East Side Notes From the Neighborhood

| 02 Mar 2015 | 04:46

    MALONEY ASKS, "WHERE ARE THE WOMEN?" Upper East Side Rep. Carolyn Maloney made national headlines last week for purportedly walking out of a congressional hearing on contraception and religious liberty held to address how President Barack Obama's directive for health insurance companies to provide coverage for contraception will affect religious institutions. There were so few women on the panel that several Democrats insisted that Rep. Darrell Issa, a California Republican and chairman of the House Oversight Committee, accept Sandra Fluke, a law student from Georgetown University, onto the panel with male religious leaders.

    Maloney clarified in a phone interview last Thursday that although she hadn't exactly staged a dramatic walkout, she was still pretty angry.

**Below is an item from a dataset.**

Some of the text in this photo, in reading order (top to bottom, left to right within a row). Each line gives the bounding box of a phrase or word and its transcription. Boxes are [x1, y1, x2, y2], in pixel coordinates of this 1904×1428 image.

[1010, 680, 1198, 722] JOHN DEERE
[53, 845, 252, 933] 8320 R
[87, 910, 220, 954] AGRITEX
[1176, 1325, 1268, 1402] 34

    "They were so few women on the committee that it just looked like a walkout," she said, explaining that she had to be at another hearing after her opening statement but that she did come back. "What I wanted to know was, where are the women? There was not one single woman representing the hundreds of thousands of women" who could be affected.

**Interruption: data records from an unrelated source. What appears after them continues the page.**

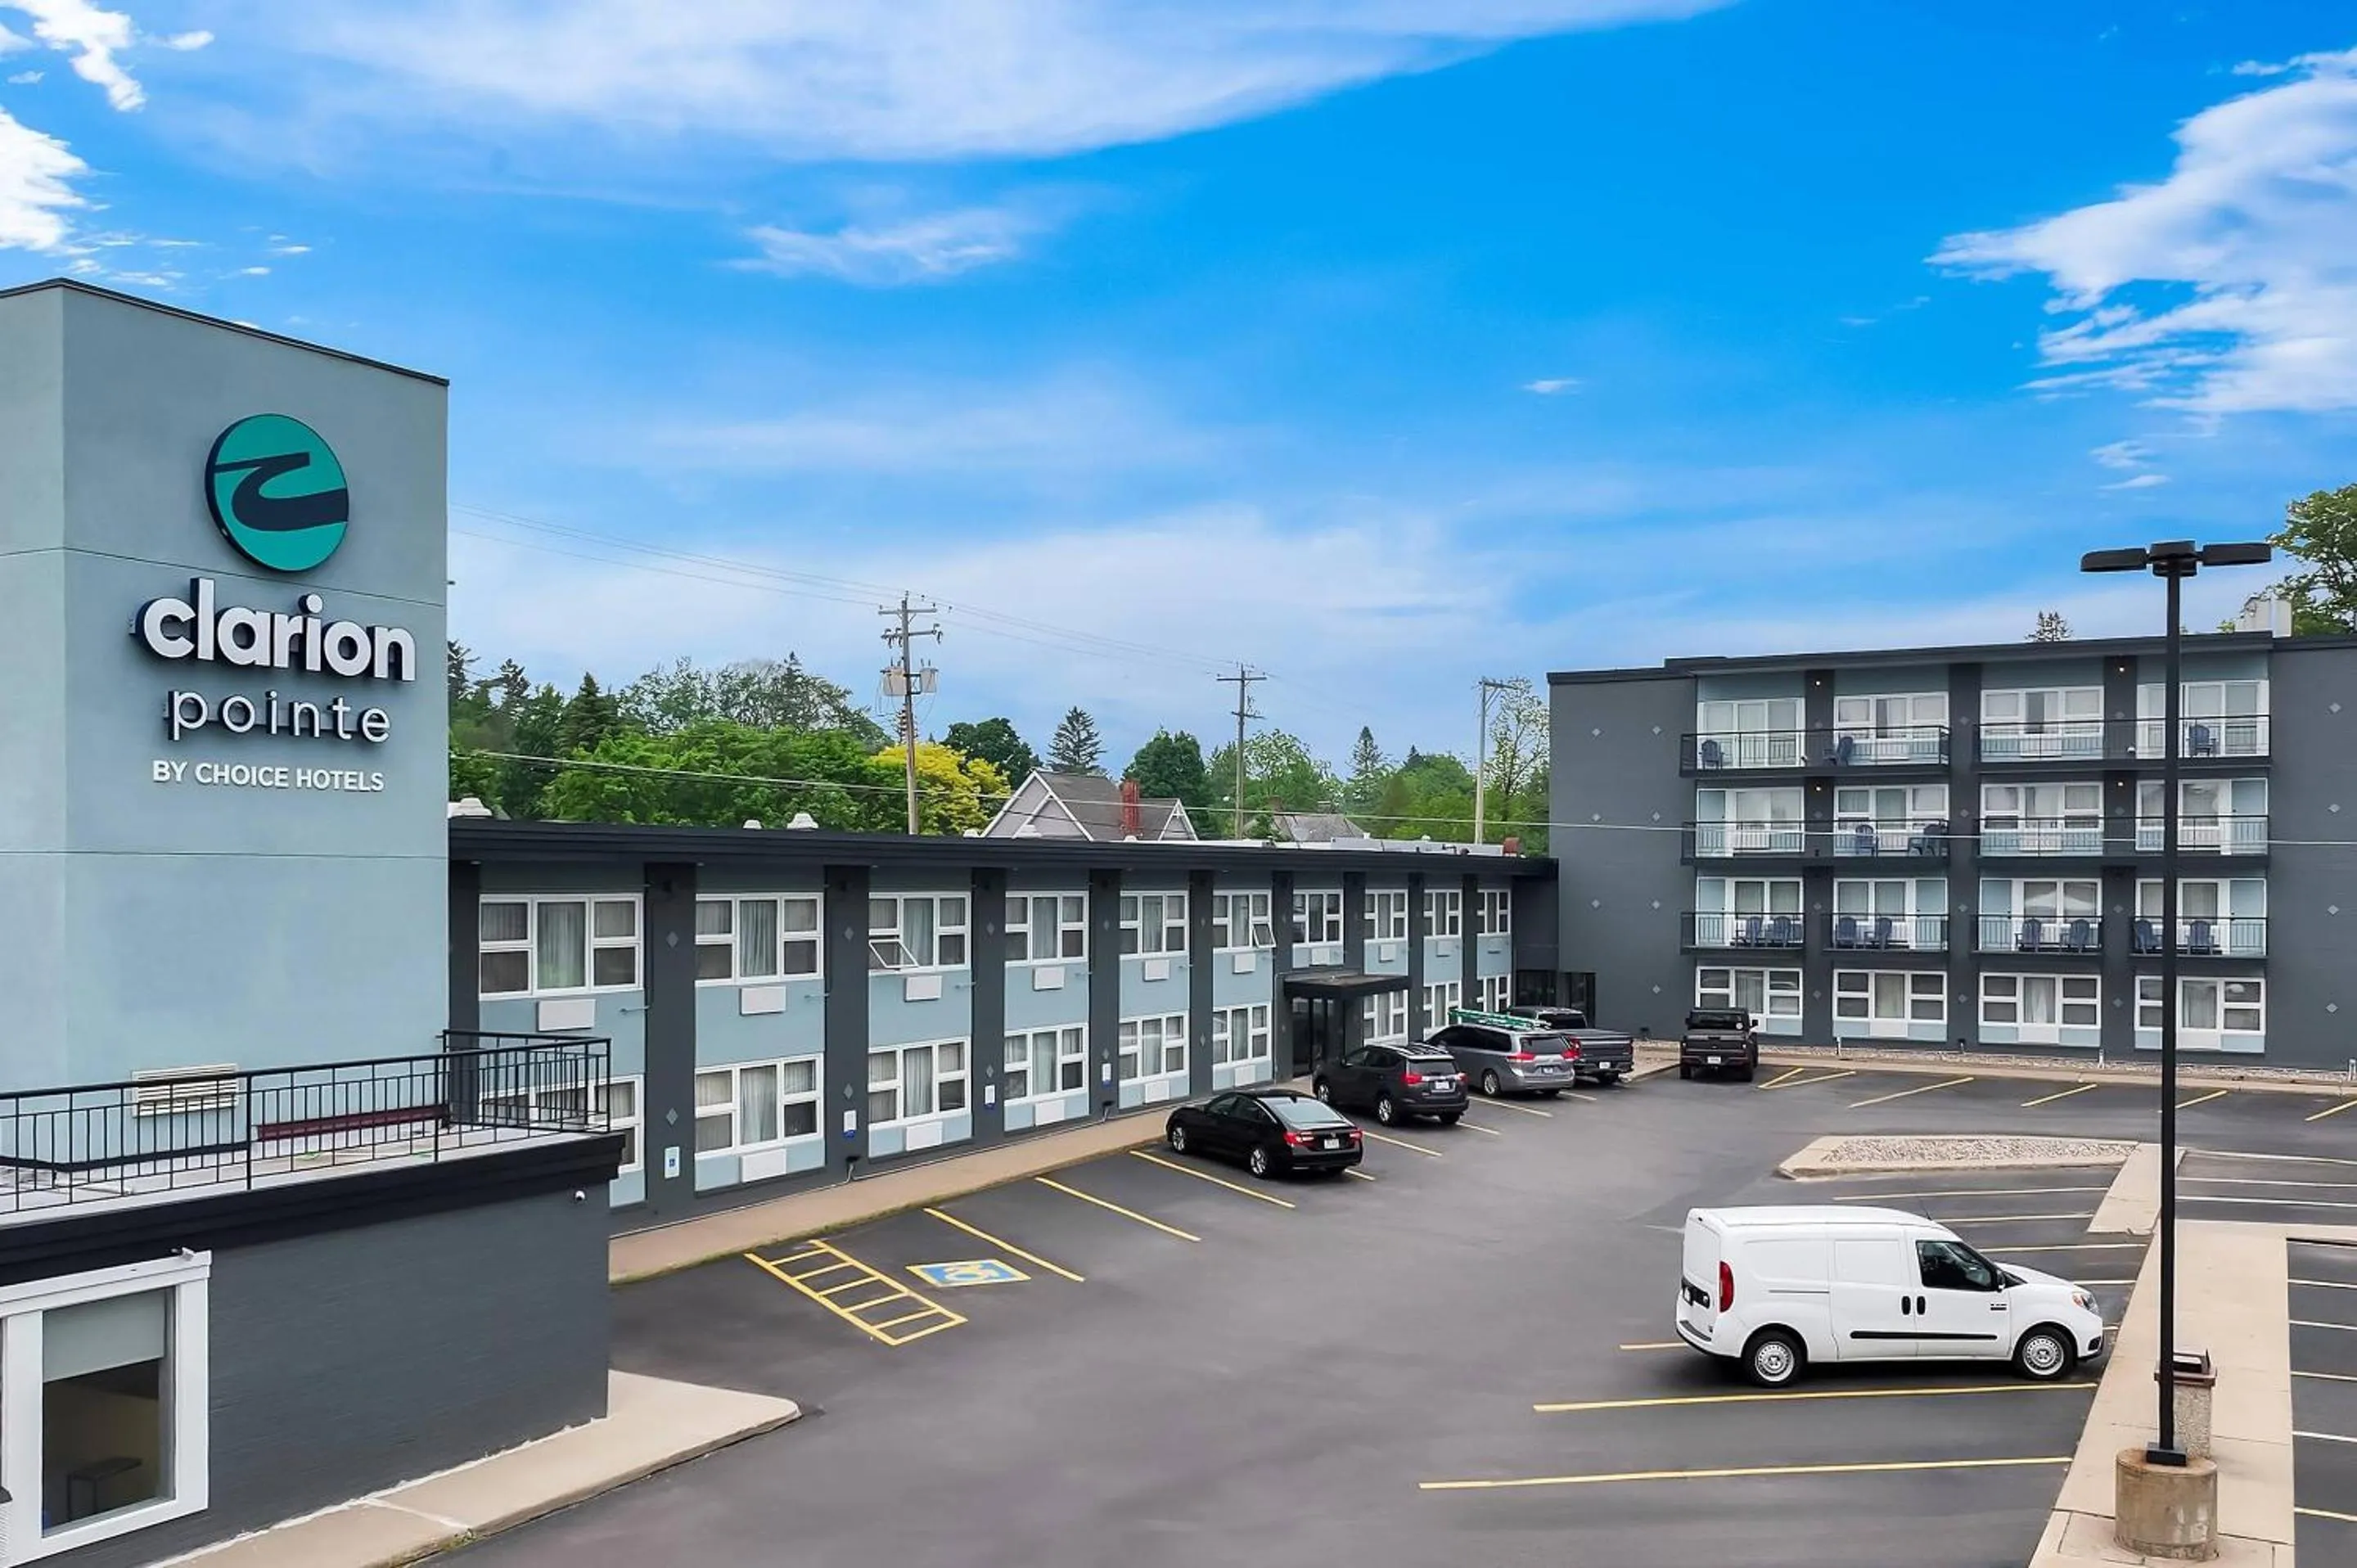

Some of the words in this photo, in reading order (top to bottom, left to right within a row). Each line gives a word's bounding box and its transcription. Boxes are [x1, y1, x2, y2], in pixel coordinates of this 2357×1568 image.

[137, 577, 417, 682] clarion
[169, 690, 391, 743] pointe
[152, 759, 188, 782] BY
[195, 763, 290, 787] CHOICE
[296, 768, 385, 792] HOTELS

    LAPPIN GRILLS COPS Our sister publication City and State reports that Upper East Side City Council Member Jessica Lappin gave the NYPD an earful over its reluctance to share data at a Council hearing on accident investigation policies. After the hit-and-run death of Mathieu Lefevre last fall, family members had to file a Freedom of Information request for details about his death, which Lappin said was "literally adding insult to injury."

    Susan Petito, the NYPD assistant commissioner for intergovernmental affairs, said the department would not do so out of concern for "the integrity of the data." Queens Council Member Peter Vallone noted that crime data had been posted before without being manipulated. "If you were afraid of it being changed once you put it out there, you would never put information out there."

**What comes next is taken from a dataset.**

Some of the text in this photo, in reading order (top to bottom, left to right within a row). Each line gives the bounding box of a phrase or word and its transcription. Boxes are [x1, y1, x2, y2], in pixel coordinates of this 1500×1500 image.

    BLOOMBERG ANNOUNCES DEAN OF NEW TECH SCHOOL Last week, while visiting the New York City headquarters of Internet company Tumblr, Mayor Michael Bloomberg announced that professor Daniel P. Huttenlocher, Cornell University's dean of computing and information sciences, had been named founding dean of the university's Technion-Cornell Innovation Institute, slated to open on Roosevelt Island in 2017. Cathy Dove, currently associate dean in Cornell's College of Engineering, will co-lead the campus as vice president and Technion professor Craig Gotsman will serve as the founding director.